先週。
金曜日の夕方発の便で、大阪から北海道へと戻ることにした。
当初は翌日の土曜日朝の便に乗る予定だったが、午後の会議が早く終わったことと、仮押さえしていたこの夕方便の後方通路側の席がいきなりポツンと空いてゲットできたこと、昼のANAの情報で千歳便には運航を妨げる何の障害もないと自信をもって書かれていたことから、早退しその便にのることにしたのだ。
ところがである。
支社をあとにしようとする直前に、私が乗る便は“天候調査を行なう”という赤い文字での注意書きがホームページに載ってしまった。冗談かと思ったがツイッターでもANAがつぶやいていたし、追い打ちをかけるようにメールも届いた。
なんにもないから大丈夫っていうのから一転、山田ルイ53世じゃないが、事情が変わったのだ。
搭乗口で待機するしかない
いずれにしろ天候調査の結果を現地-大阪空港―で確認しなくてはならない。
なかなか重い気分で私は早退した。
早退と言えば、この日の朝、前日まで風邪で咳きこんでいた-病院でも風邪と診断されていた-氷山係長が出社後に体温が急上昇。あわてて、もう一度病院に行くとインフルエンザと診断され、そのまま早退した。

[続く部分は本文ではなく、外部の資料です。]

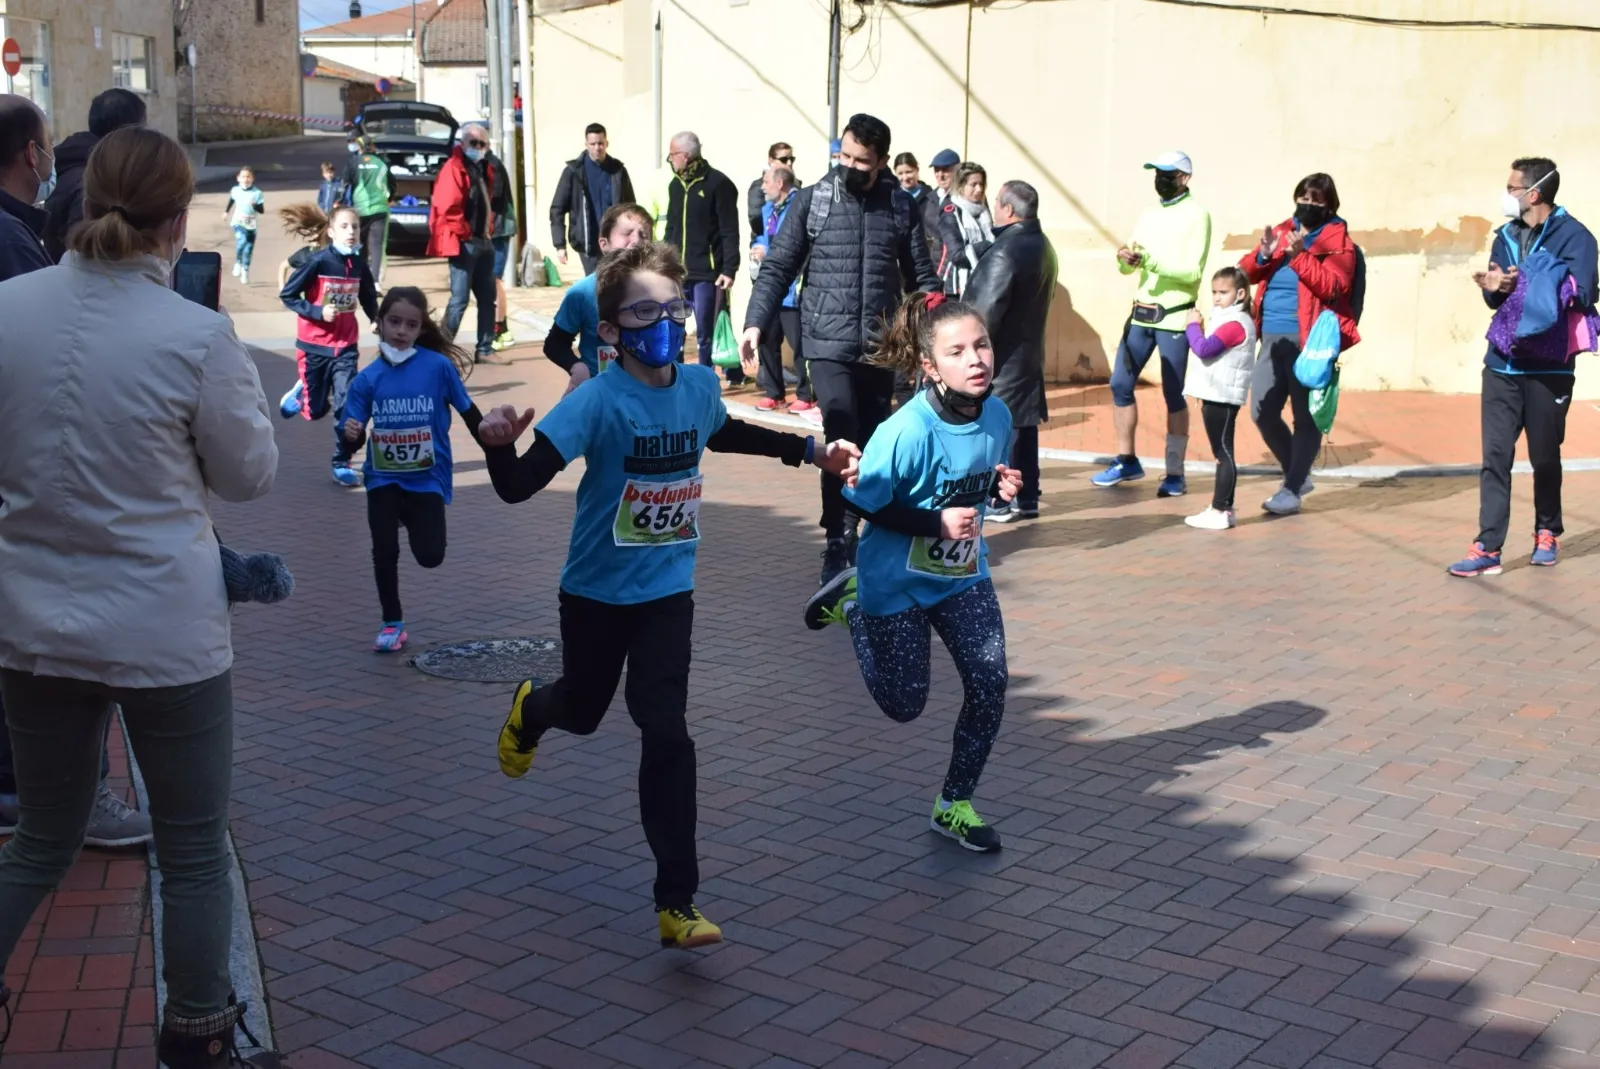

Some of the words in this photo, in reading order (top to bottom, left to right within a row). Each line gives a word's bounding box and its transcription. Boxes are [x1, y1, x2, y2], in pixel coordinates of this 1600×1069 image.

風邪で苦しんだ挙句に、インフルエンザの追い打ちとは全く気の毒だ。Wの悲劇ってやつだ。
その前日に、彼の上司であるインフルエンザあがりの伏草課長が出社してきたこととの因果関係は不明である。
大阪国際空港-とはいえ、今は国際線は就航していない-に着くと、出発の45分前に天候調査を実施するが、新千歳空港が雪のため安全に着陸できない場合は関西国際空港に引き返す場合があるという、事情はさらに悪い方向へ進展していた。
こっちはいたって平穏な天候だというのに……
はいはい……と現実を受け止めるのとほぼ同じタイミングで、メールも届いた。このあたり、情報徹底という意味ではすばらしい。

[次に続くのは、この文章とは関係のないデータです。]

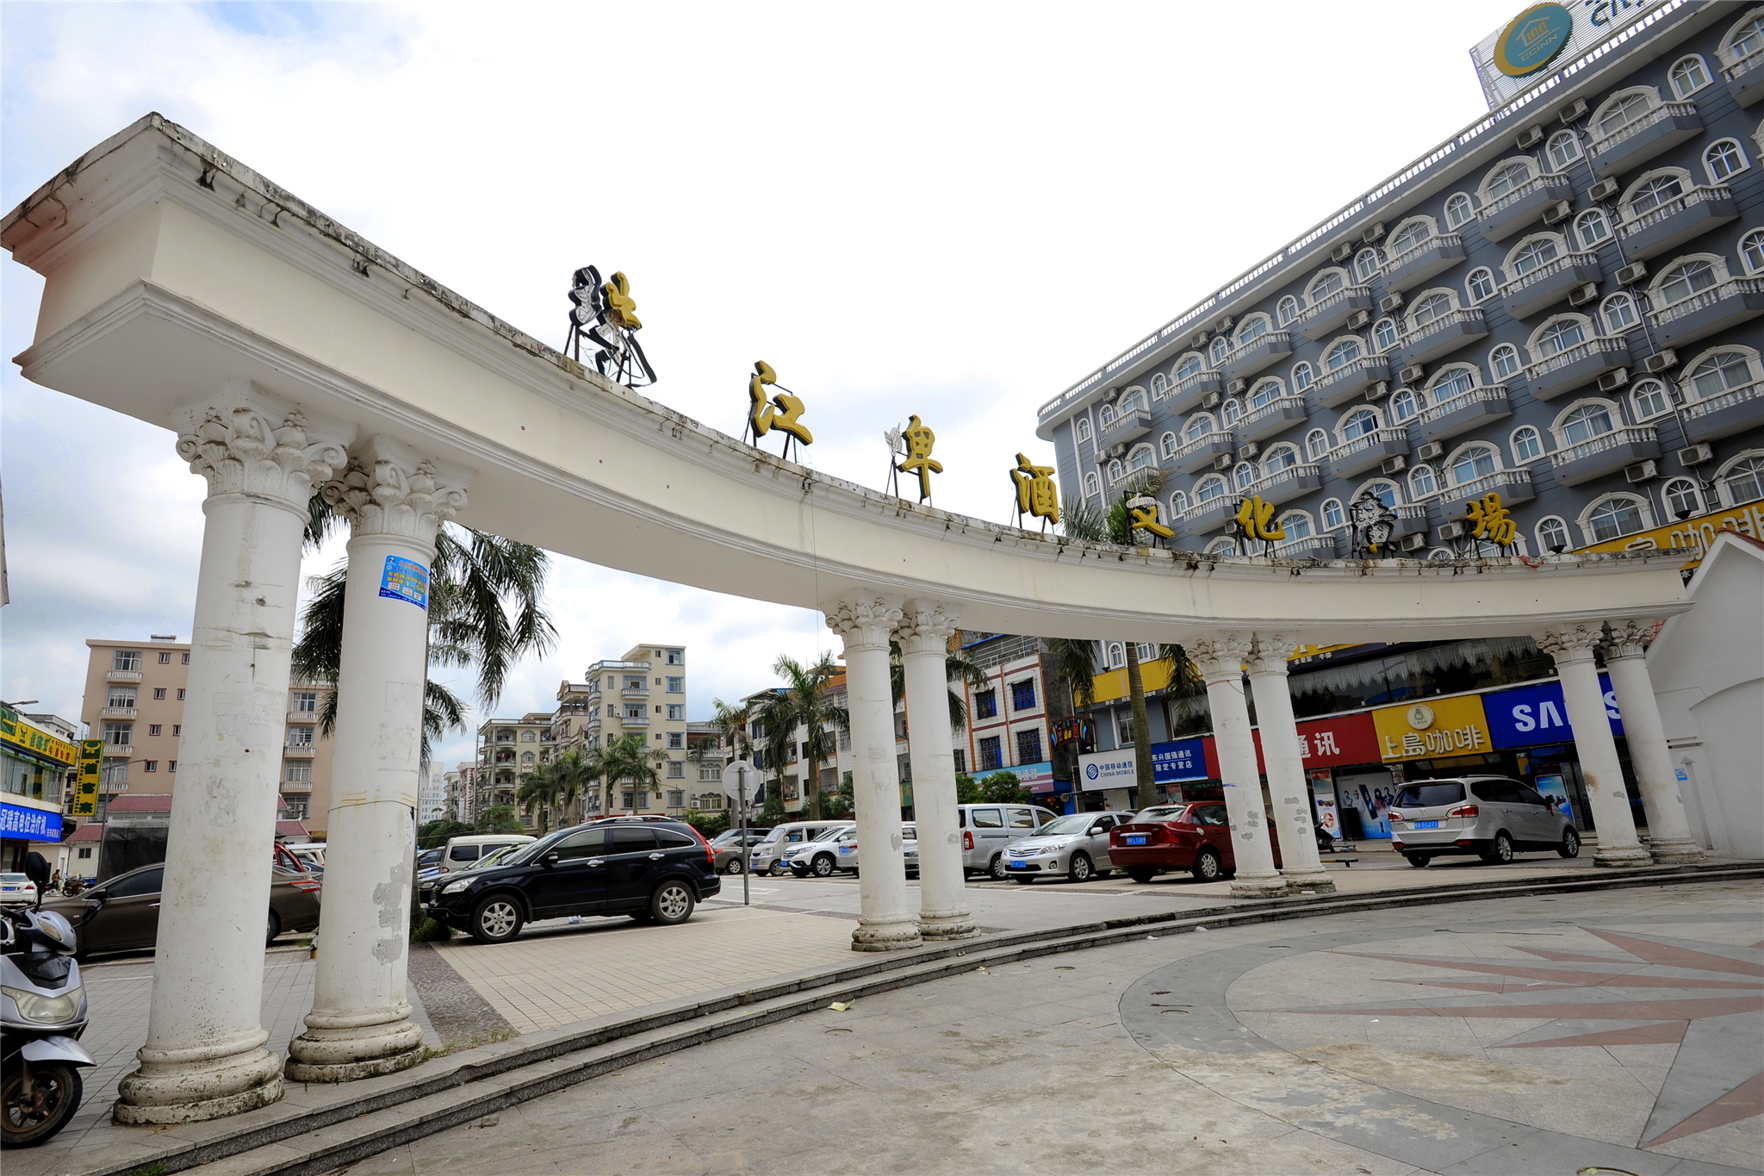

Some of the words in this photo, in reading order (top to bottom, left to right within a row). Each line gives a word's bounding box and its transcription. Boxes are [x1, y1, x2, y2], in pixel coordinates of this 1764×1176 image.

[1521, 33, 1558, 62] CCINN
[1099, 760, 1133, 772] 中国移动通信
[1155, 760, 1193, 772] 指定专营店
[1116, 769, 1135, 777] MOBILE

なぜ、引き返すと言いながらも同じ大阪国際空港に戻らないのか?
そういうのは『引き返す』ではなく『行先変更』と言わないのか?
大阪国際空港-伊丹空港とも言うが、実際には伊丹市、豊中市、池田市にまたがっており、面積としては豊中市の占める割合が大きい-は、騒音などの関係で運用時間が7時から21時までと決まっているのだ。

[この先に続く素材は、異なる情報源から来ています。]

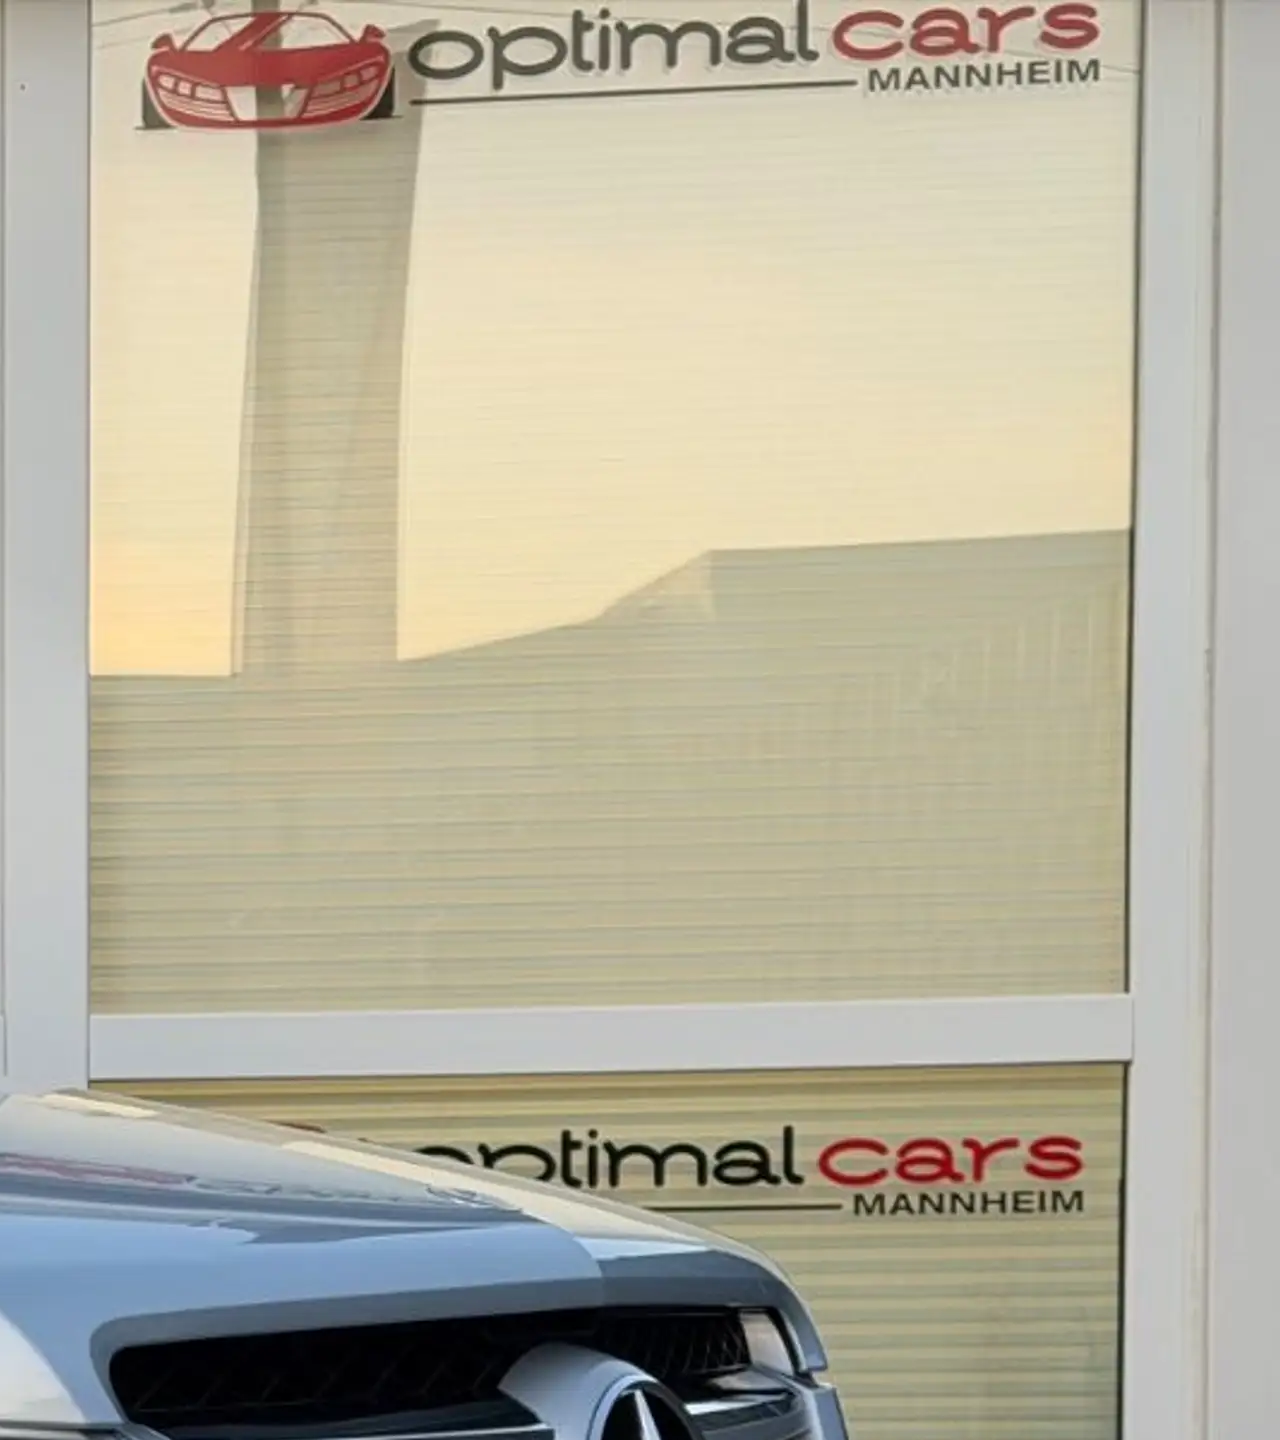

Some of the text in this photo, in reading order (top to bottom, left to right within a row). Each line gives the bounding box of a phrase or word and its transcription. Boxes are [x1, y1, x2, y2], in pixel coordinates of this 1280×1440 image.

[832, 2, 1100, 61] cars
[869, 58, 1101, 92] MANNHEIM
[819, 1136, 1084, 1187] cars
[853, 1190, 1085, 1217] MANNHEIM

だから、千歳上空まで行ったものの、引き返してきて大阪の街の明かりが見えたとしても、21時を過ぎていたら、関空に降りるしかないのである。
こんな夜更けに関空かよ
関空に降りられると悲劇だ。
いや、まだ南海やJRが走っている時間帯ならいいが、それより遅くなると陸の孤島状態になる。
ちなみに、1月6日に新千歳から大阪空港への便に乗った当支社の某課長は、雪や前日欠航の余波を受けた客の混雑の影響で出発が5時間遅れ、その結果関空に着陸し、でももう公共交通機関は営業が終わっており、航空会社が用意した『大阪空港』行きのバスに乗って、大阪空港に着いたはいいが、ターミナルビルは閉じられており、タクシーも1台もおらず、他の客はというと自家用車の迎えとかで次々と去っていき、タクシーを呼んだその課長がようやく自宅マンションにたどり着いたのは午前2時だったそうだ(が、彼はたいへんだったものの、それを人に語るときの様子は悲劇の主人公として酔いしれているようだった)。
今回、引き返したとしてもそこまで遅い時間にならないだろう。
けど、相当な疲労感が残存するのは目に見えている。
条件をのんでこの便に乗るべきか、これをキャンセルし、当初予定通りの翌朝便にするか、私は高度な判断を求められることになった。……続く
ゴットシャルク(ゴトチョーク Louis Moreau Gottschalk 1829-69 アメリカ)の「ポルトガル王ルイ1世讃歌による演奏会用変奏曲(Variations de concert sur l'hymne portugais)」Op.91,RO.289(1869)。
「ポルトガル王ルイ1世讃歌(賛歌)」という曲がどういうものか私は知らないが、それをもとにしたピアノと管弦楽のための変奏曲である。
ガートのピアノ、ローゼンバーグ/ホットスプリングス・ミュージック・フェスティヴァル交響楽団の演奏を。
2006年録音。ナクソス。
♪ 作曲家情報 ♪
19世紀の数少ないアメリカ作曲家の一人。スペイン風な性格の作品を残す。歌劇や交響曲も作曲したが、通俗的ピアノ曲がとくに親しまれている。